My Lords, the winter fuel payment is a simple to administer payment that ensures that older people can turn up their heating in the winter months without worrying about the cost. We have no plans to tax the payment. We are obliged under European law to continue paying the winter fuel payment to people who qualify for a payment in Great Britain and then move to another European Economic Area country or Switzerland.
I thank the noble Lord for that reply. I am rather nervous about this Question because 674 noble Lords are entitled to receive the winter fuel payment. That is 81 per cent of us. Would I be right in guessing that the Minister, who is 61, is, like me, one of the half a million top-rate taxpayers who benefit from this farcical tax-free bung? Why cannot winter fuel payments at least be taxed like the old age pension? That would raise £220 million a year to help people in real need in our country.
Yes, my Lords, like the other 81 per cent in the Chamber I have to declare an interest in this matter, although I shall keep my tax arrangements between me and HMRC. One of the issues around taxation is that it is not straightforward to tax the winter fuel payment as it stands because it is a household payment whereas tax is done on an individual basis. It could be done but it is rather complicated.
My Lords, as the noble Lord knows, all money is fungible. This is a matter of psychology rather than funding. If people find it convenient to look at money as being in separate packets and give money in a particular packet to a particular charity, that is a very excellent thing to happen, particularly if it encourages charitable giving more generally.
Would the noble Lord be kind enough to clarify his original Answer on overseas payments? Am I to believe that my Trinidadian born neighbour, who complained to me recently that a family member of hers who had returned to the West Indies was in receipt of the winter fuel payment, was incorrect?

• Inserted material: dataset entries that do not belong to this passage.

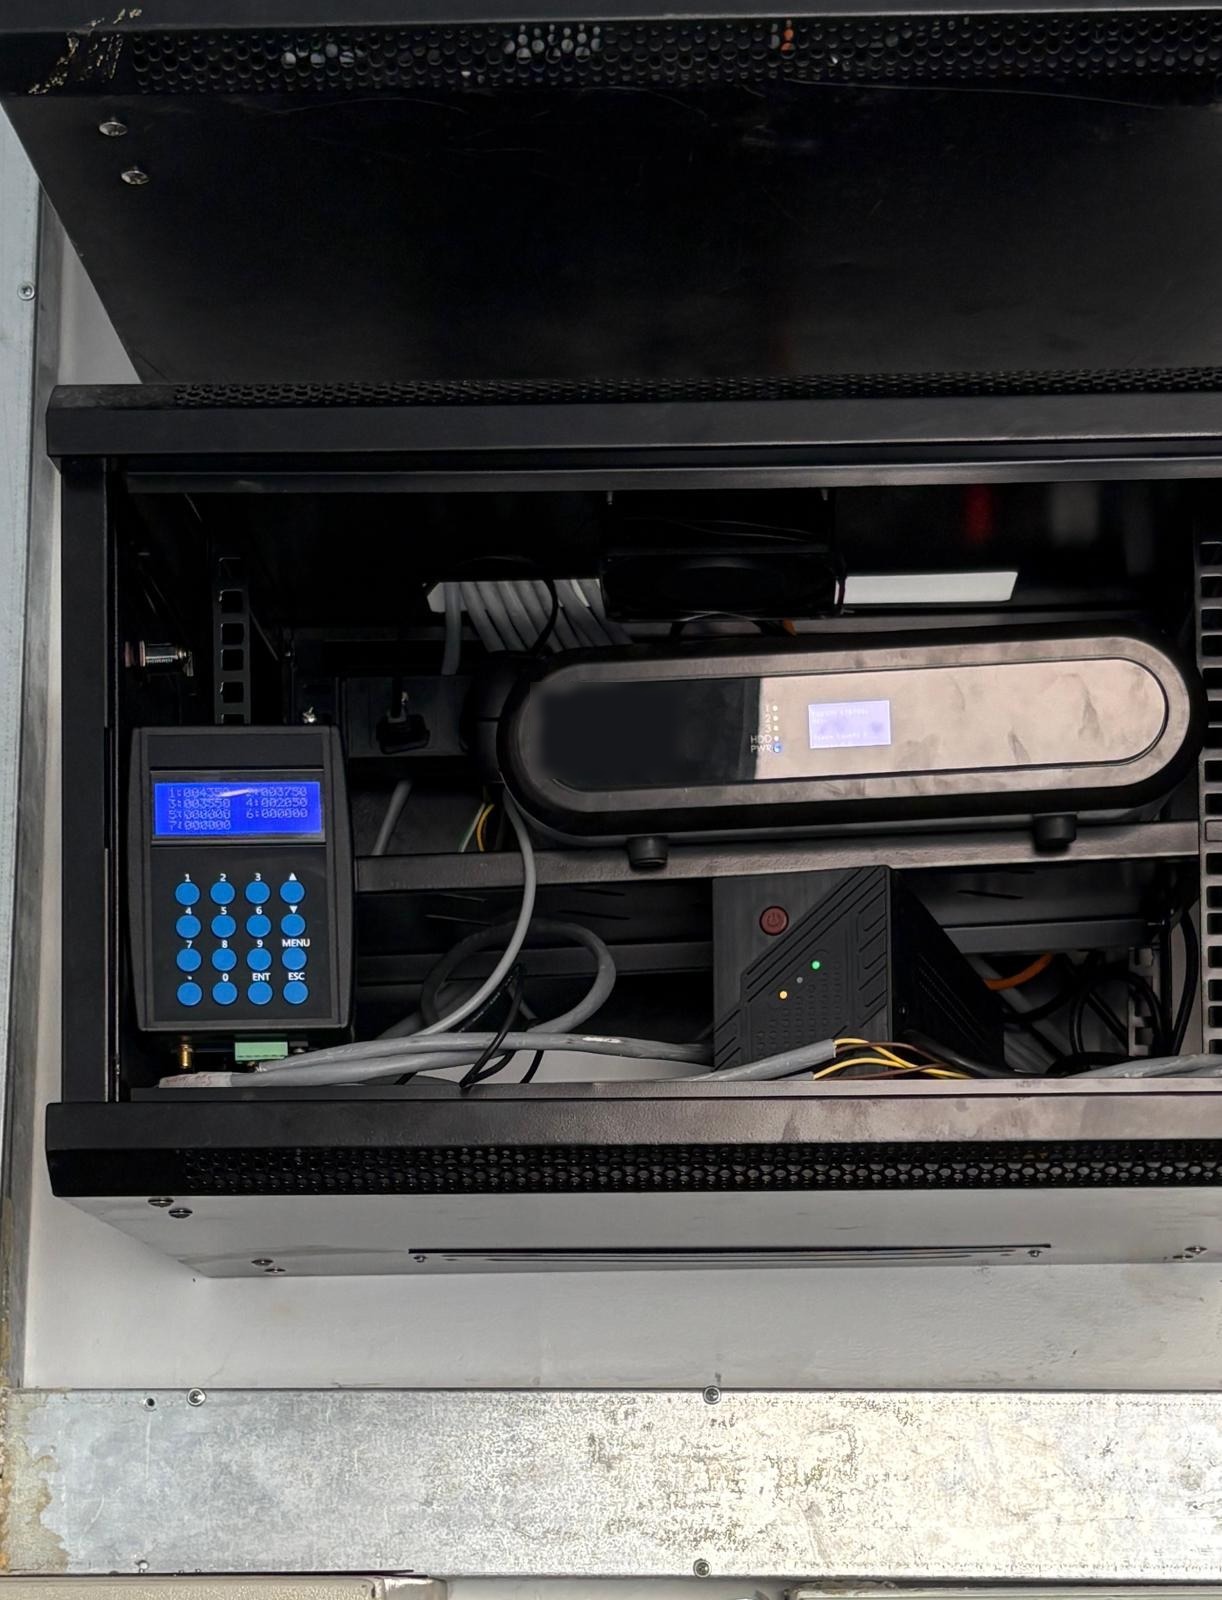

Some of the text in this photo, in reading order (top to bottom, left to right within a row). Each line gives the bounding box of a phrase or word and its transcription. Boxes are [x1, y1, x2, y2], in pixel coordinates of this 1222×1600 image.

[750, 734, 773, 744] HDD
[750, 744, 773, 753] PWR
[185, 873, 191, 882] 1
[220, 873, 226, 882] 2
[255, 873, 261, 881] 3
[185, 907, 192, 915] 4
[221, 906, 227, 915] 5
[256, 906, 262, 914] 6
[186, 940, 193, 948] 7
[221, 940, 228, 948] 8
[257, 939, 263, 948] 9
[282, 939, 310, 948] MENU
[222, 974, 229, 982] 0
[252, 973, 271, 981] ENT
[288, 972, 305, 981] ESC

My Lords, clearly, one can look at how one treats this, but essentially it is a simple payment. It is one of the universal payments to pensioners along with the state pension, additional pension and passported benefits such as NHS prescriptions. That is how it is designed. It would be rather complicated and expensive to tax it.
My Lords, the Minister appears to be very sympathetic to the idea of changing the system, and I am not taking into account the season of the year. Will he reconsider the possibility of a levy on higher-rate taxpayers? After all, what is good for King Wenceslas should be good enough for 81 per cent of us.
My Lords, I am grateful to be told where my sympathies are but the reality is that about 500,000 people would be affected and the saving would be about £40 million a year. It would be expensive and difficult to do and, therefore, on its own, it would not be a good idea. That does not suggest where my sympathies are at all.
My Lords, for the winter fuel allowance to be put to good effect, you have to have a home to heat. Sadly, we know that homelessness is on the increase in our country. The Minister is always keen to look at funding within fixed envelopes, but on what does he base his philosophy for supporting the retention of tax-free winter fuel allowances for higher-rate taxpayers, rather than providing more support for the homeless?
My Lords, I hope that I have made it quite clear that when you have a universal benefit you pay it out on a simplified basis. Because it is a household payment, it would be enormously complicated to change that. Clearly, it could be done. There has been a small increase in homelessness but it remains at historically low levels. We are watching the figures very closely and it is a priority for this Government that we do not see an excessive rise in homelessness.